But this leads to a problem. 但这导致一个问题。 If OpenCL, or whatever GPU operation, always writes a known number of vertices to the buffer, then everything is fine. 如果OpenCL或任何GPU操作始终将已知数量的顶点写入缓冲区，则一切正常。 However, this does not have to be the case. 但是，并非必须如此。 It is often desirable for a GPU process to write an arbitrary number of vertices. 通常，GPU处理需要编写任意数量的顶点。 Obviously there needs to be a maximum limit (the size of the buffer). 显然，需要有一个最大限制（缓冲区的大小）。 But other than that, you want it to be able to write whatever it wants. 但是除此之外，您希望它能够编写任何所需的内容。

The problem is that OpenCL decided how many to write. 问题是OpenCL决定要写多少个。 But the CPU now needs that number in order to use one of the glDraw functions. 但是， CPU现在需要该数字才能使用glDraw函数之一。 If OpenCL wrote 22,000 vertices, then the CPU needs to pass 22,000 to glDrawArrays . 如果OpenCL写了22,000个顶点，则CPU需要将22,000个顶点传递给glDrawArrays 。

What ARB_draw_indirect (a core feature of GL 4.0) does is allow a GPU process to write values into a buffer object that represent the parameters you would pass to a glDraw* function.
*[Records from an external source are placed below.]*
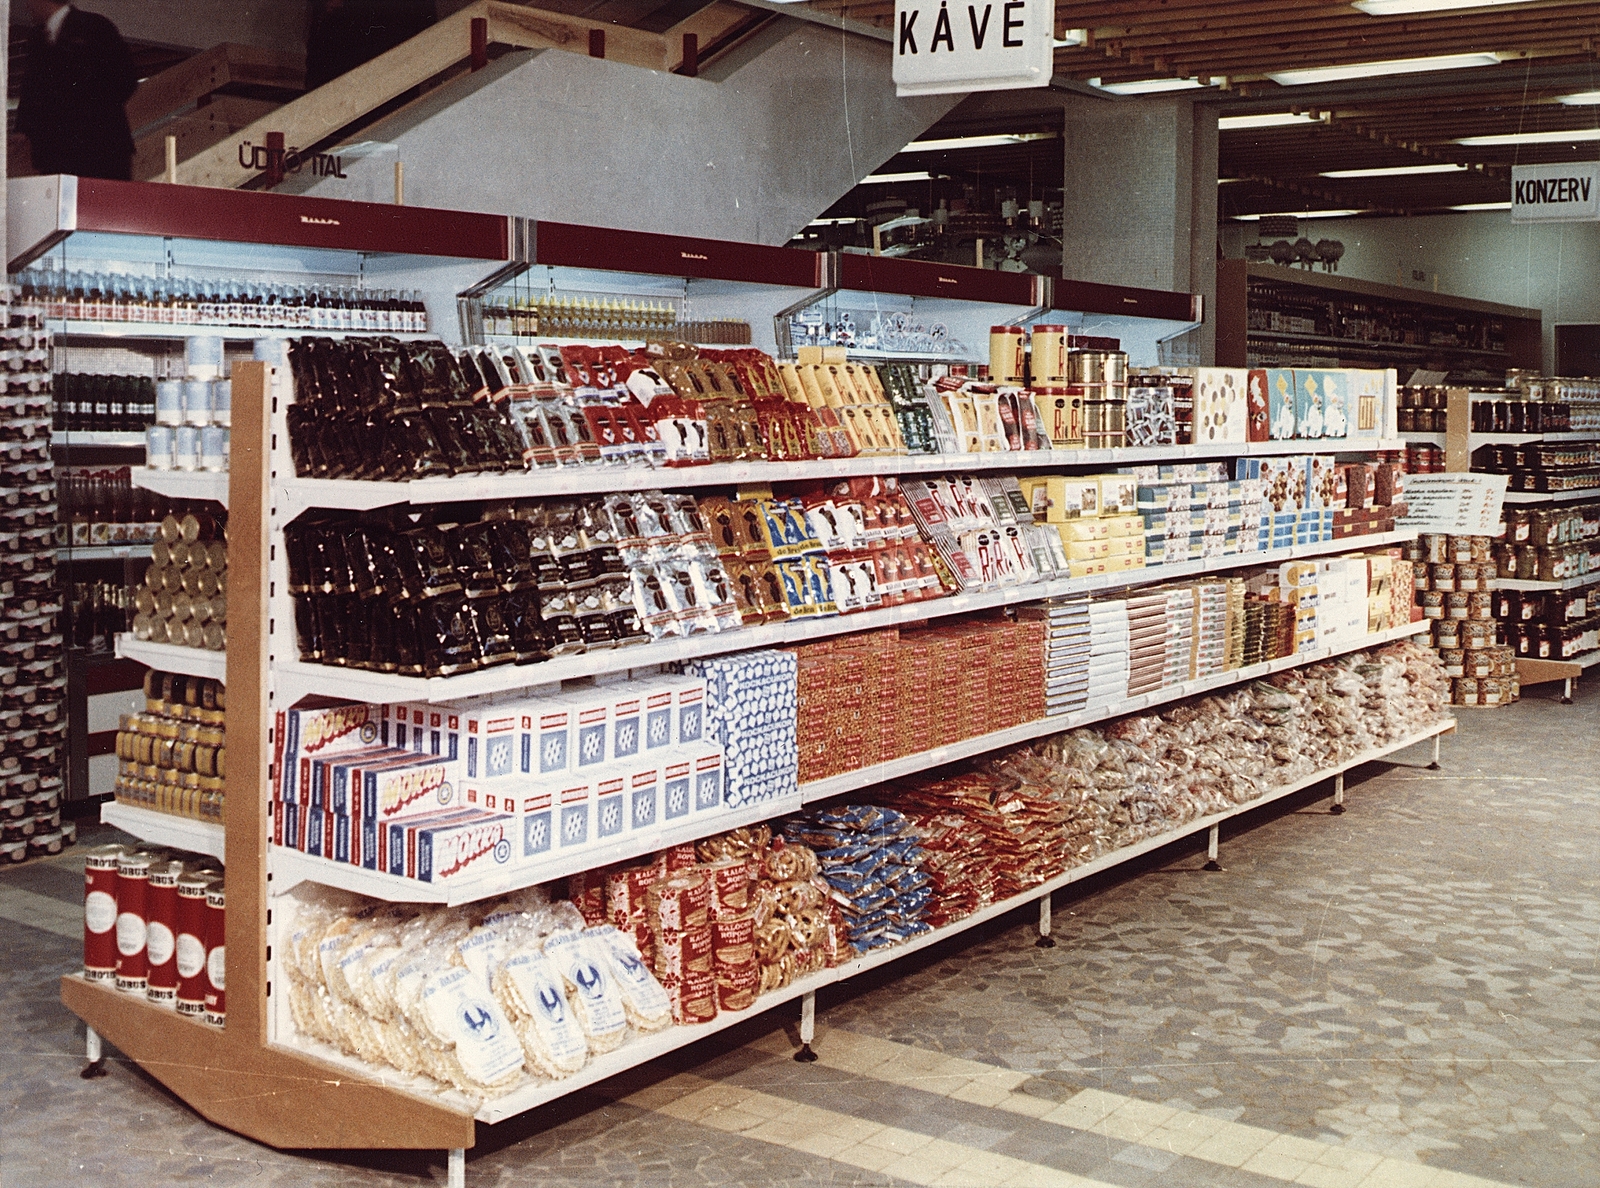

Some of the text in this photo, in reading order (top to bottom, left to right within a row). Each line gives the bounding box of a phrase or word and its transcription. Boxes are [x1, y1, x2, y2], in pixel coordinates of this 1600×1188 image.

[899, 0, 1025, 55] KÁVÉ
[312, 153, 347, 179] ITAL
[1515, 177, 1591, 205] KONZERV
[382, 765, 446, 817] MOKKA
[438, 823, 504, 878] MOKKA
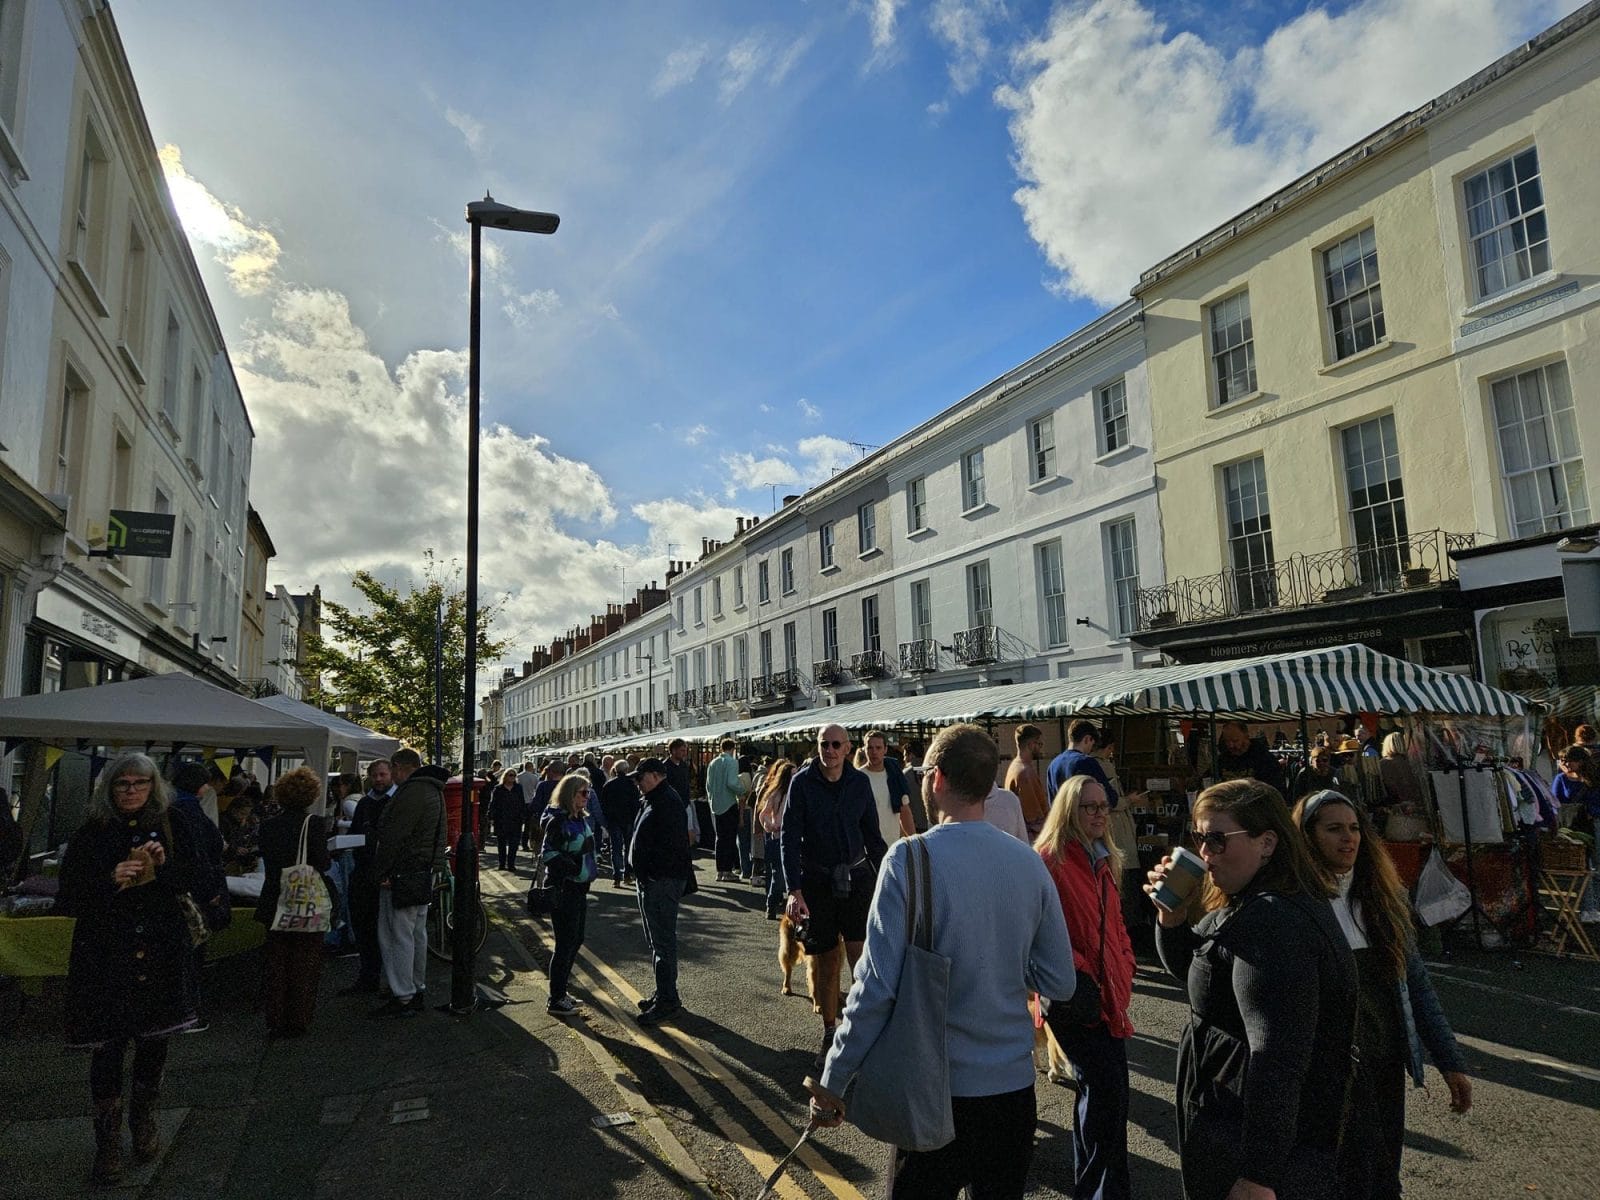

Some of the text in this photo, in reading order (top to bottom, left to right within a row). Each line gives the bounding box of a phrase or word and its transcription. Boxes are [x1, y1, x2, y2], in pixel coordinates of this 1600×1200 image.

[1463, 319, 1489, 333] GREAT
[1210, 643, 1258, 657] bloomers
[1318, 634, 1344, 644] 01242
[1505, 638, 1554, 658] ReVa
[285, 900, 316, 916] STR
ARB_draw_indirect （GL 4.0的核心功能）的作用是使GPU进程将值写入表示要传递给glDraw*函数的参数的缓冲区对象。 The only parameter not covered by this is the primitive type. 此参数未涵盖的唯一参数是原始类型。

Note that the CPU still controls when the rendering happens. 请注意， CPU仍然控制何时进行渲染。 The CPU still decides what buffers vertex data are pulled from. CPU仍将决定从哪个缓冲区中提取顶点数据。 So OpenCL can write several of these glDraw* commands, but until the CPU actually calls glDrawElementsIndirect for one of them, nothing actually gets rendered. 因此，OpenCL可以编写其中几个glDraw*命令，但是直到CPU实际上为其中一个调用glDrawElementsIndirect ，才实际呈现任何内容。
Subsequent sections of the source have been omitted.